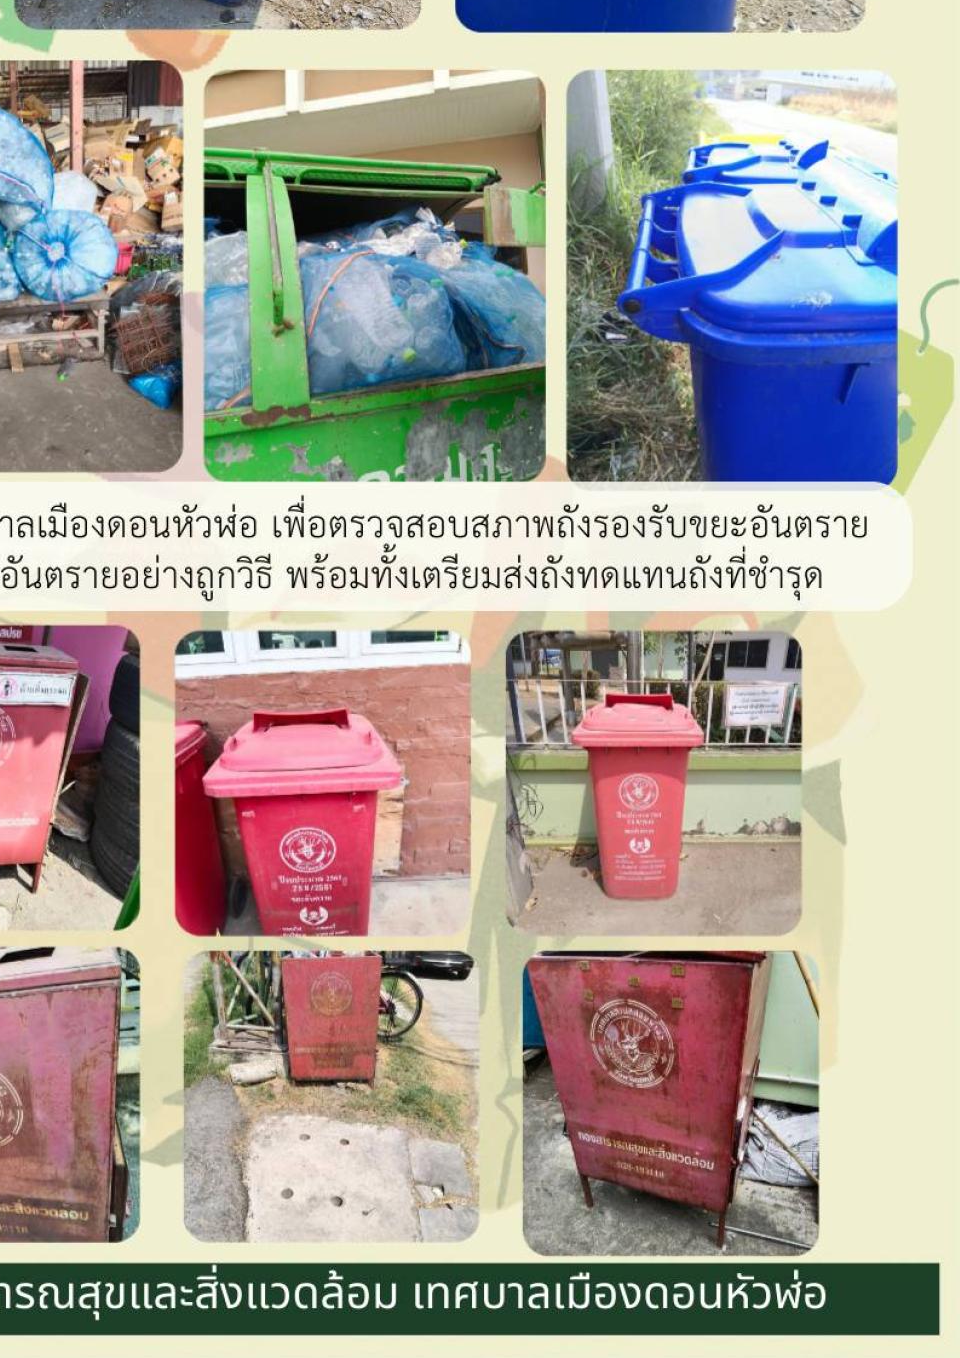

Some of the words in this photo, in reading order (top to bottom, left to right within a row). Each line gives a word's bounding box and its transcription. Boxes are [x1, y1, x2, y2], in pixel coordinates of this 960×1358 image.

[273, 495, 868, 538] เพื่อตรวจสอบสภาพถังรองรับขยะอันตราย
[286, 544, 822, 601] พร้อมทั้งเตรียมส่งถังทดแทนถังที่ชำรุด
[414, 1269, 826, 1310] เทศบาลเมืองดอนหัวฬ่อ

==

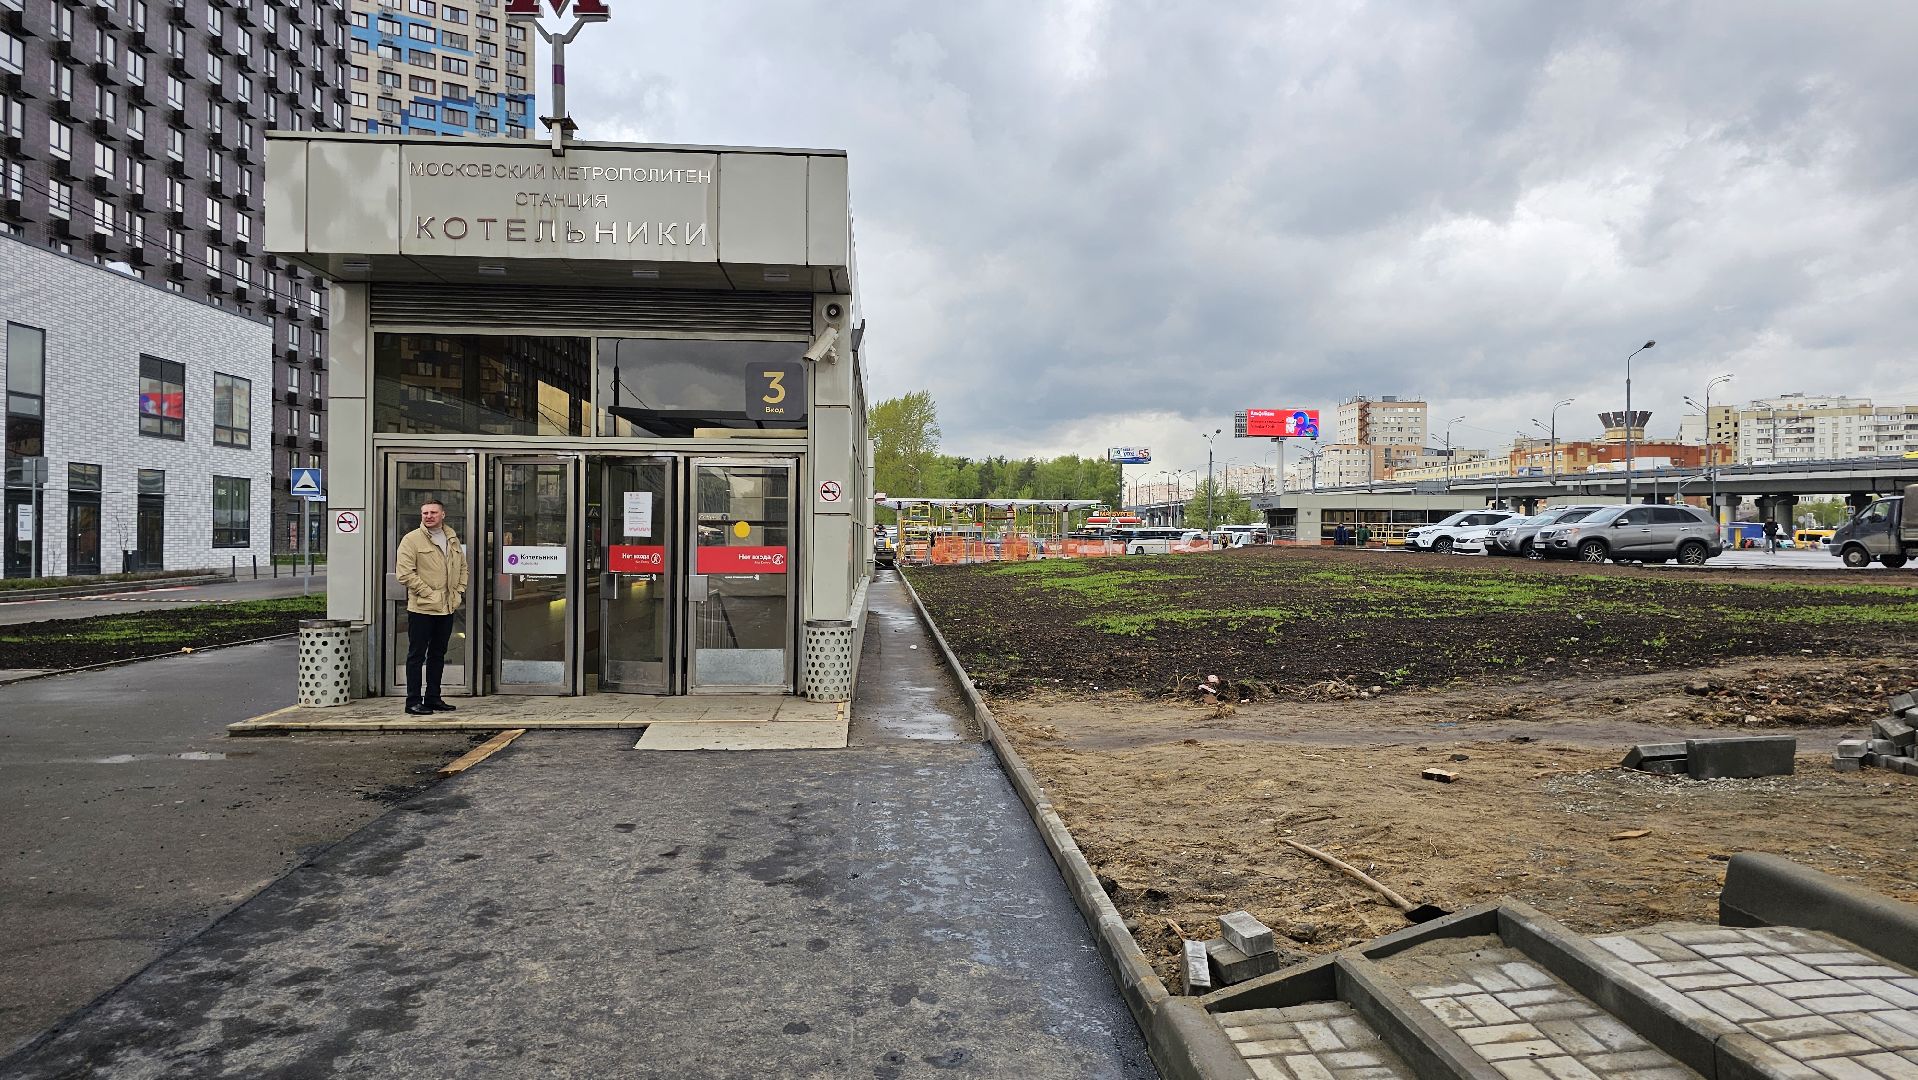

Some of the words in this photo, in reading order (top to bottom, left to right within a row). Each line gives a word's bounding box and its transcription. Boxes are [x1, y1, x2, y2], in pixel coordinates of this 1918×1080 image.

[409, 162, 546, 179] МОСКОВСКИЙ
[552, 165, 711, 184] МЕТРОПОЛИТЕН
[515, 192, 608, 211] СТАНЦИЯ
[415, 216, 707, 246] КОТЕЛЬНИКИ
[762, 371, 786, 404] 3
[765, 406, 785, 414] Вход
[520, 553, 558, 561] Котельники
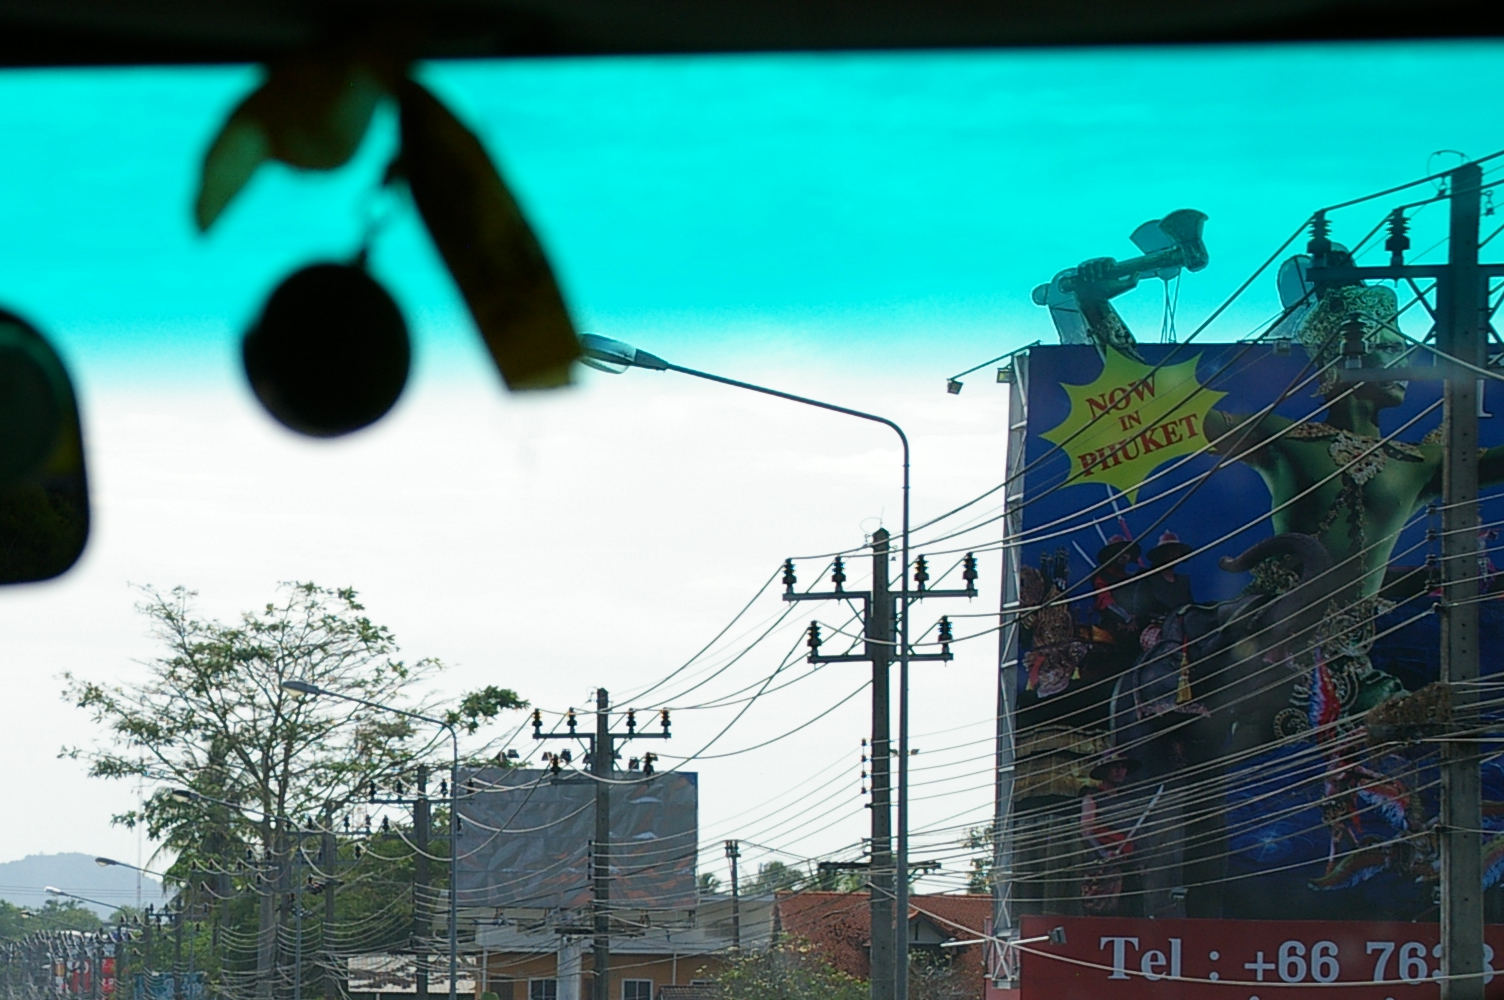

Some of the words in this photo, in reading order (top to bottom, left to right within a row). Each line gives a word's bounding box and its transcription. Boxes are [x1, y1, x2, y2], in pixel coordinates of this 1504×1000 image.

[Task statement] What is wanted is an exact copy of the lines above from the one containing "this 1918×1080 image." through the one containing "this 1504×1000 image.", with no pictures in it.

[Expected output]
Some of the words in this photo, in reading order (top to bottom, left to right within a row). Each line gives a word's bounding box and its transcription. Boxes are [x1, y1, x2, y2], in pixel coordinates of this 1918×1080 image.

[409, 162, 546, 179] МОСКОВСКИЙ
[552, 165, 711, 184] МЕТРОПОЛИТЕН
[515, 192, 608, 211] СТАНЦИЯ
[415, 216, 707, 246] КОТЕЛЬНИКИ
[762, 371, 786, 404] 3
[765, 406, 785, 414] Вход
[520, 553, 558, 561] Котельники

Some of the words in this photo, in reading order (top to bottom, left to right within a row). Each line gives a word's bounding box and its transcription. Boxes are [x1, y1, x2, y2], in pixel coordinates of this 1504×1000 image.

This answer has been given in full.